April 30, 2010 02:39 pm | Updated November 17, 2021 06:48 am IST

COMPASSIONATE: Dr. Vijaylakshmi Rahmathullah. Photo: S. James

COMPASSIONATE: Dr. Vijaylakshmi Rahmathullah. Photo: S. James

It is not easy to “tie down” Dr. Lakshmi Rahamathullah. “Nobody can,” she declares. The doctor, at a local nursing home in Kariapatti, where she was admitted for a week with fever and diarrhoea, couldn’t. Just few hours before this scheduled Weekend interview, she insisted on getting discharged and was in her minimalist office at the appointed hour.

Dressed in a maroon silk saree, a dash of vibhuti and kumkum on her forehead, she hid all signs of fatigue, and initiated the chat with flair.

“This is an original from Nepal meant to keep my Blood Pressure under control. My grandson says, it should rather keep my temper under check,” she pre-empts, catching my stare at her rudraksh mala.

Idealist

“I am and remain a Hindu Iyengar Brahmin. I married a Muslim without even exchanging a garland. Our marriage was registered in 1952 GOI gazette. My husband was modern and liberal and we decided not to change our respective religions. We vowed never to chase money but help the poor as and when the way we can. We both were idealists,” she tells me even before I shoot my opening question.

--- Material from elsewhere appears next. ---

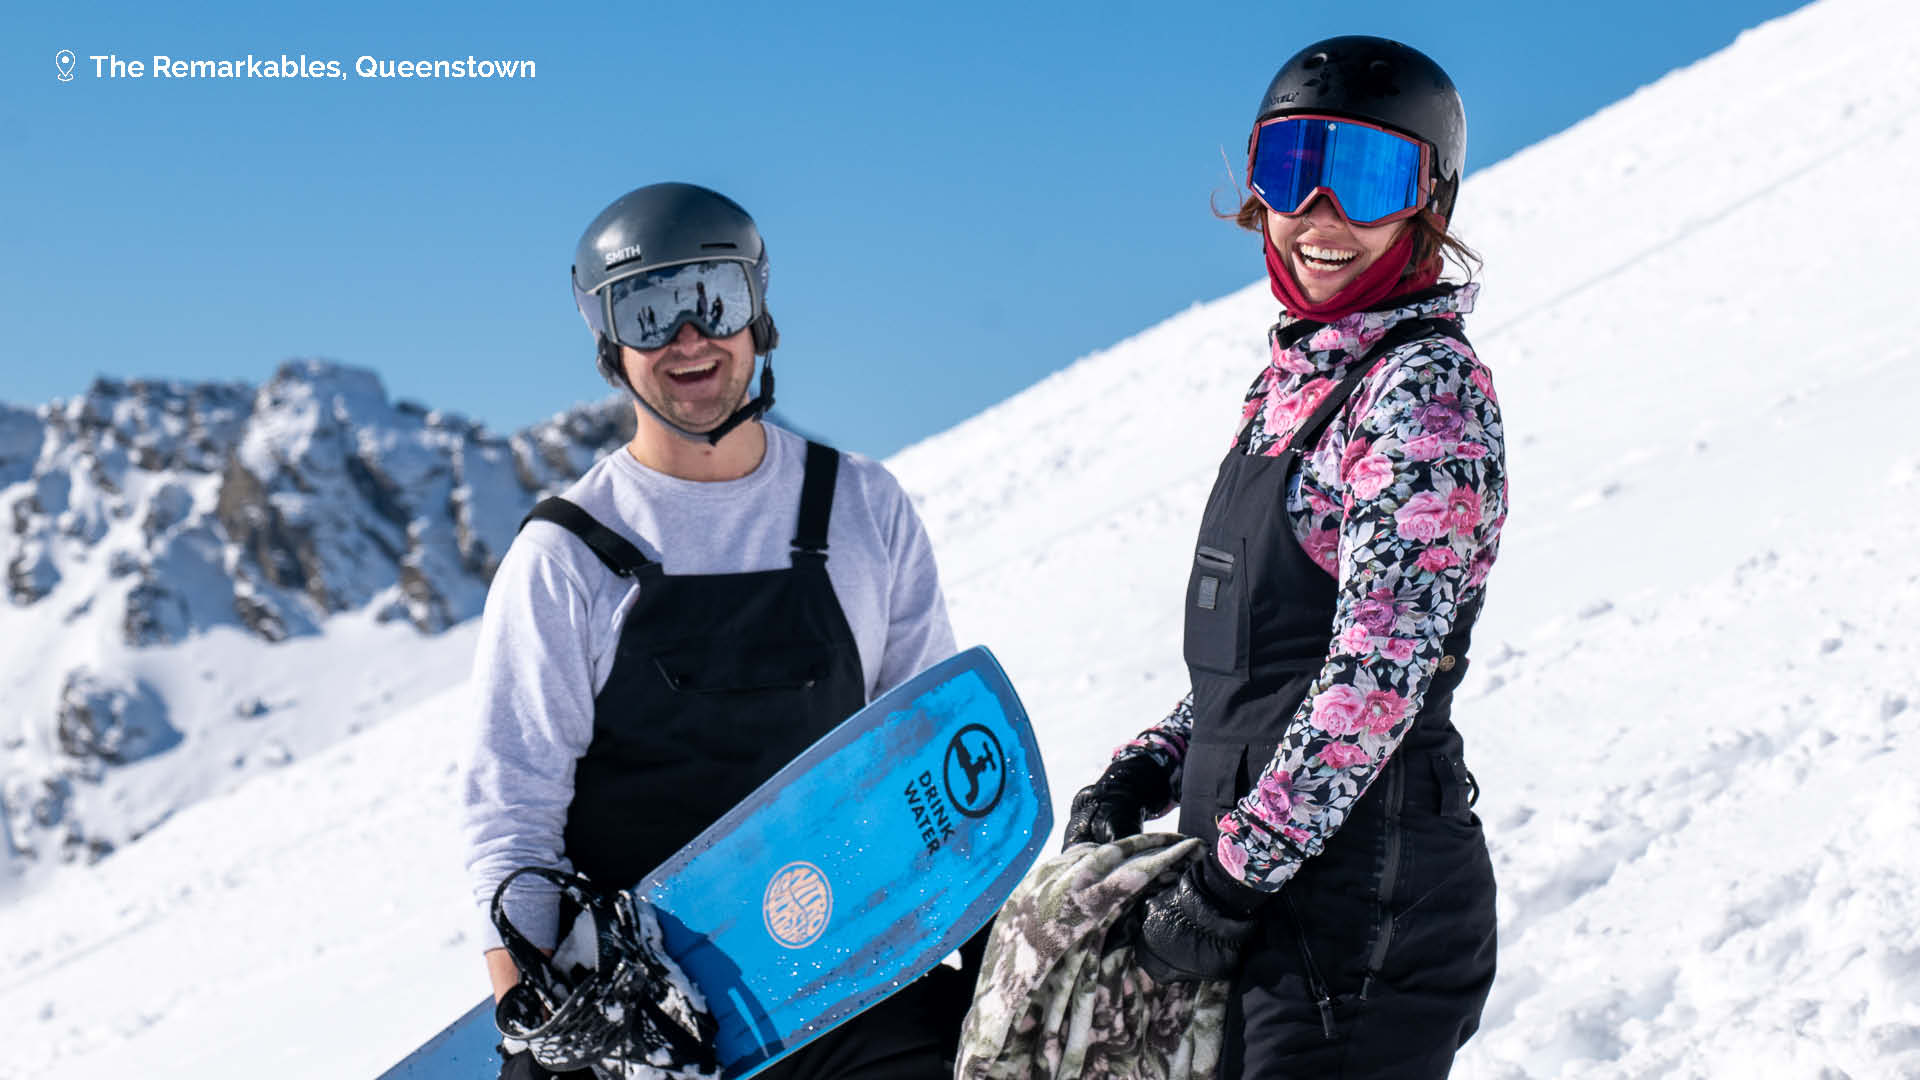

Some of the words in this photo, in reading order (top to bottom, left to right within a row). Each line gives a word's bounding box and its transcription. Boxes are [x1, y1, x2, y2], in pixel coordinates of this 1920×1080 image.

I started by perceiving this to be a difficult interview as Dr.Lakshmi suffering from middle ear infection for over a quarter Century, asked for written questions. Each time, I passed her one she was unstoppable, passionately talking about the health care needs of rural women and other issues close to her heart. When done, I realized that the Managing Trustee of Family Health and Development Research Service Foundation (FHDRSF) had actually made my job easy. With the authority in her subject and the command over language, she actually gave me an effortless copy.

Born as Vijayalakshmi in a Thanjavur-based family of freedom fighters and social reformers that later migrated to Kerala during the 19th Century famine, this MBBS doctor from Delhi’s Lady Hardinge Medical College turned into a public health activist unable to douse the “fire in her to do something different.”

Motivated individual

Her motivation stems from her lineage and the early influences in her life besides her books and teachers, she says. “I was born in a mission hospital in Iraq and the gynaecologist, Dr.Scudder, who brought me into this world, is my first inspiration.”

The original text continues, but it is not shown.